Relativ häufig, jedoch weitgehend gleichmäßig im Sediment verteilt, findet sich fossiles Treibholz mit Spuren von holzbohrenden Muscheln und Bewuchs von Moostierchen, Vielborstern und Rankenfußkrebsen. Makrobenthos tritt hingegen nur vereinzelt und mit wenigen Arten auf. Die Muschel Megaxinus bellardianus, ein Vertreter der mit Schwefelbakterien in Symbiose lebenden Mondmuscheln (Lucinidae), wird in Lebendstellung, rechtwinkelig zur Schichtung im Sediment steckend, gefunden. Das Vorkommen der Muschel und geochemische Parameter des Sediments selbst deuten auf ein Sauerstoffdefizit im bodennahen Bereich des Ablagerungsraumes hin, was auch den guten Erhaltungszustand der Wirbeltierfossilien erklärt.[5]
Lebensweise
Rezente Seetaucher sind, wie der Trivialname bereits andeutet, hervorragende Taucher, die unter Wasser hauptsächlich nach Fischen jagen. Der bei Petralca festgestellte dickwandige Schaft des Oberarmknochens kann als Anpassung an eine tauchende Lebensweise interpretiert werden; das Merkmal tritt auch bei den rezenten Seetauchern auf.[6] Ob sich Petralca, ebenso wie seine rezenten Verwandten, hauptsächlich piscivor ernährte, ist nicht nachgewiesen. Ein entsprechender Fossilbefund liegt allerdings für ?Colymboides metzleri aus dem Oligozän Süddeutschlands vor, was darauf hinweist, dass Vertreter der Seetaucherartigen bereits im Paläogen an diese Ernährungsweise angepasst waren.[7]
Einzelnachweise
- Jiří Mlíkovský, Johanna Eder: Eine neue Alkenart (Aves: Alcidae) aus dem Ober-Oligozän Österreichs. In: Annalen des Naturhistorischen Museums in Wien. Serie A für Mineralogie und Petrographie, Geologie und Paläontologie, Anthropologie und Prähistorie, Band 88, 1987, S. 131–147 (zobodat.at [PDF]).
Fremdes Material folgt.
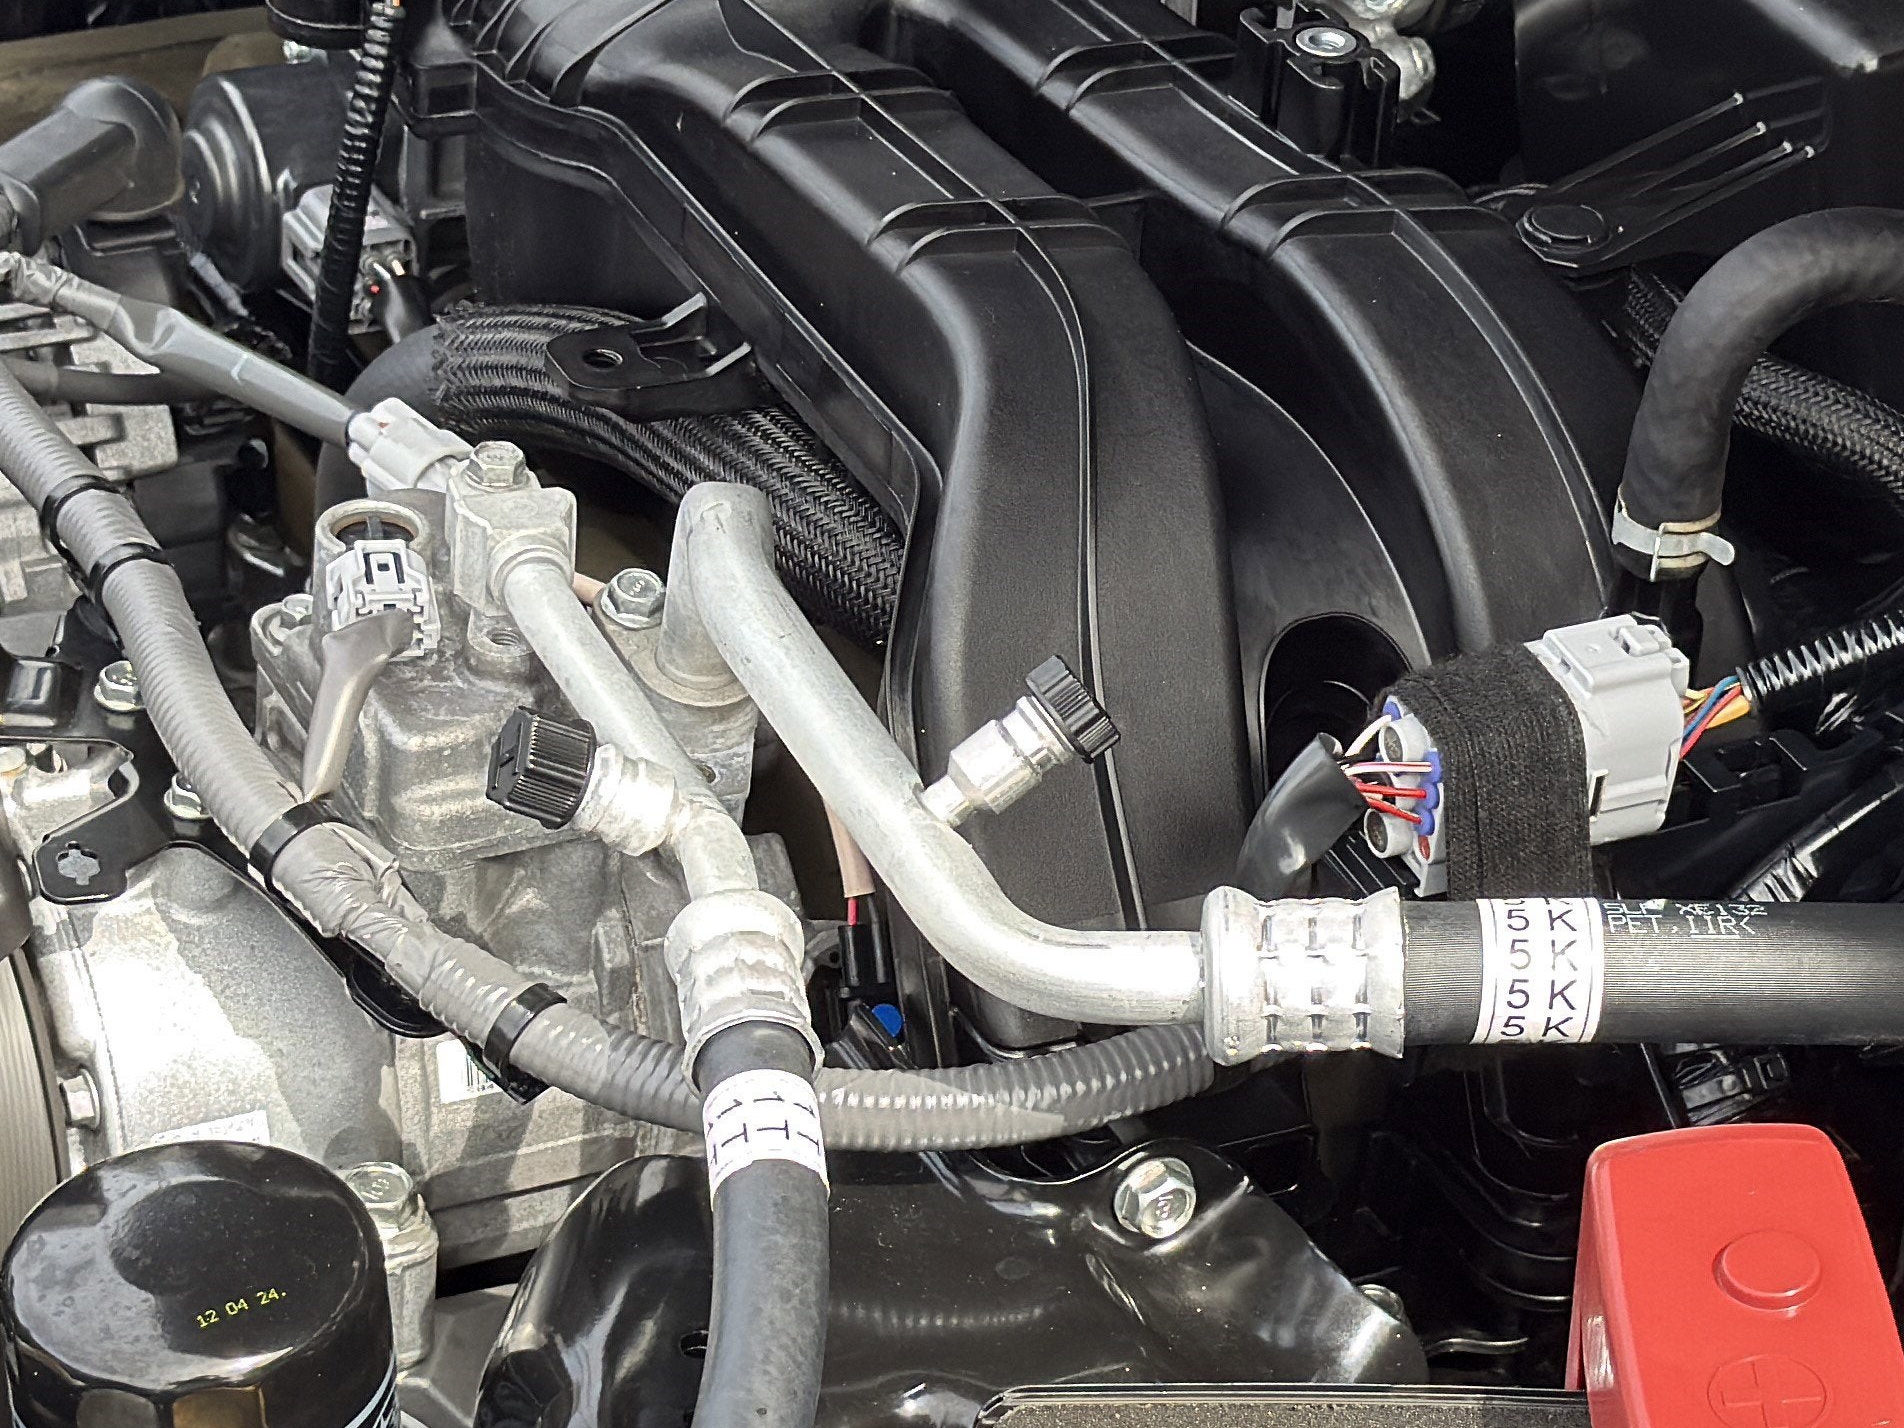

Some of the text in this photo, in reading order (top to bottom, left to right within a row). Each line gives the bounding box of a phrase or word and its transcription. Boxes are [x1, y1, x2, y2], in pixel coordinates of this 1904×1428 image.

[1505, 910, 1577, 931] 5 K
[1510, 939, 1587, 969] 5 K
[1505, 981, 1577, 1010] 5 K
[1500, 1015, 1569, 1039] 5 K
[196, 1308, 220, 1328] 12
[226, 1297, 250, 1317] 04
- Gerald Mayr: Paleogene Fossil Birds. Springer Verlag, Berlin/Heidelberg 2009, ISBN 978-3-540-89627-2, S. 88 (Leseprobe).
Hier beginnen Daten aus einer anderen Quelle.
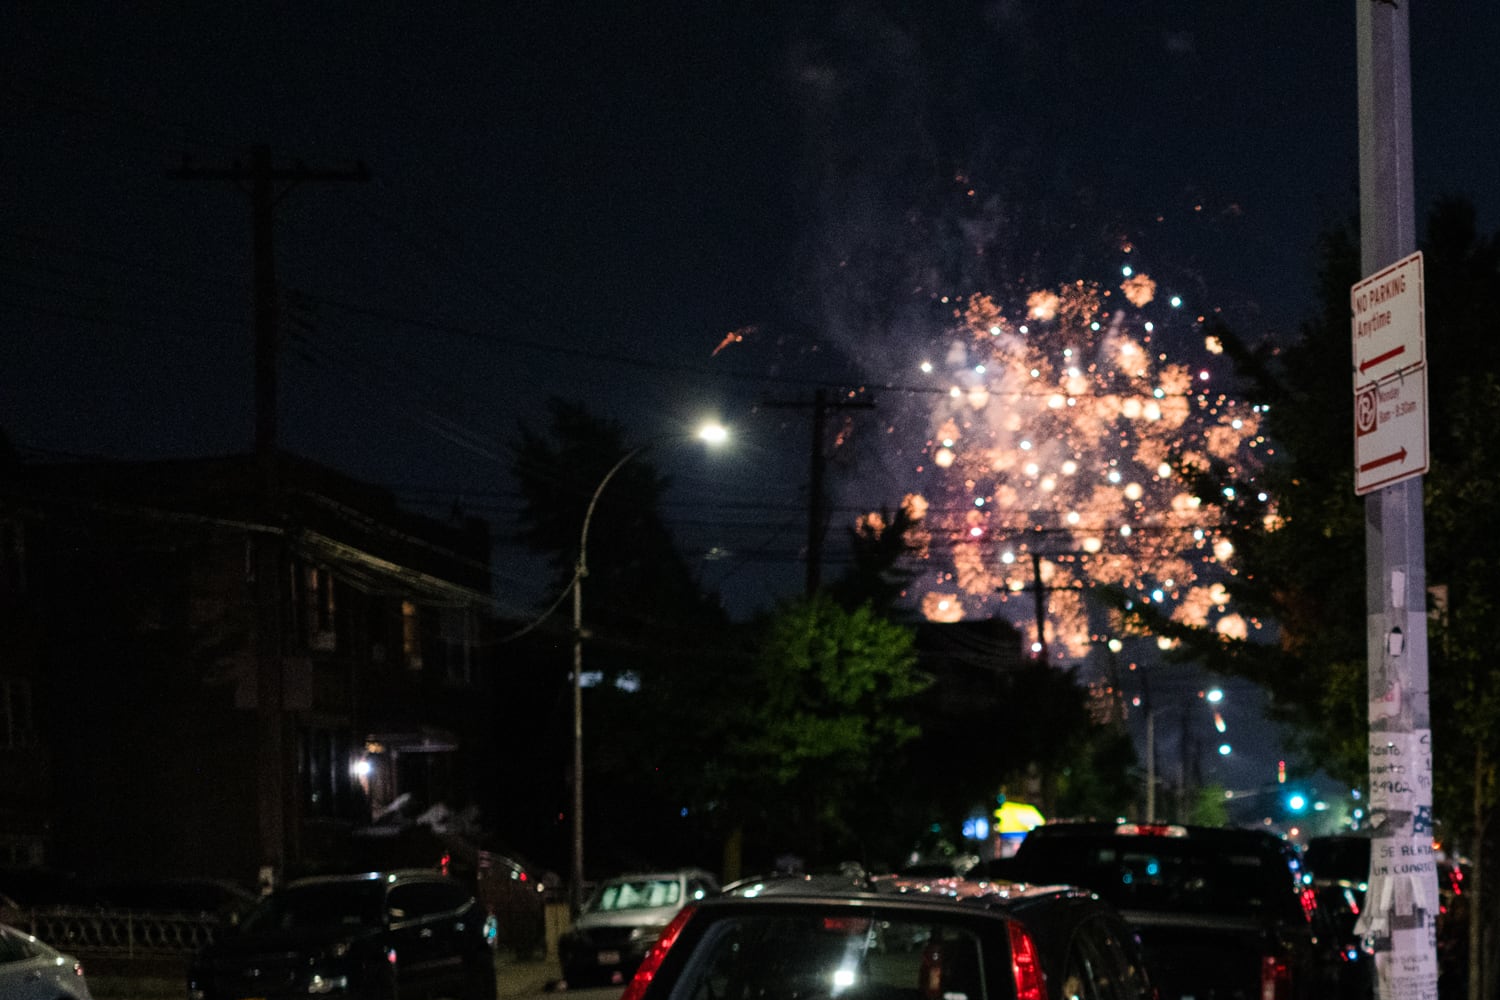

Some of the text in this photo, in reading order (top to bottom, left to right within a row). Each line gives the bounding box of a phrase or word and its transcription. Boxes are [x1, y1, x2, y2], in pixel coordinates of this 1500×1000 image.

[1356, 273, 1406, 314] NO PARKING
[1357, 309, 1392, 338] Anytime
[1393, 861, 1434, 874] CUARTO
- Erik Wijnker, Storrs L. Olson: A Revision of the Fossil Genus Miocepphus and other Miocene Alcidae (Aves: Charadriiformes) of the Western North Atlantic Ocean. In: Journal of Systematic Palaeontology, Band 7, Nummer 4, 2009, S. 471–487 (Digitalisat).
- Ruzena Gregorova, Ortwin Schultz, Mathias Harzhauser, Andreas Kroh, Stjepan Ćorić: A Giant Early Miocene Sunfish from the North Alpine Foreland Basin (Austria) and its Implication for Molid Phylogeny. In: Journal of Vertebrate Paleontology, Band 29, Nummer 2, 2009, S. 359–371 (Digitalisat).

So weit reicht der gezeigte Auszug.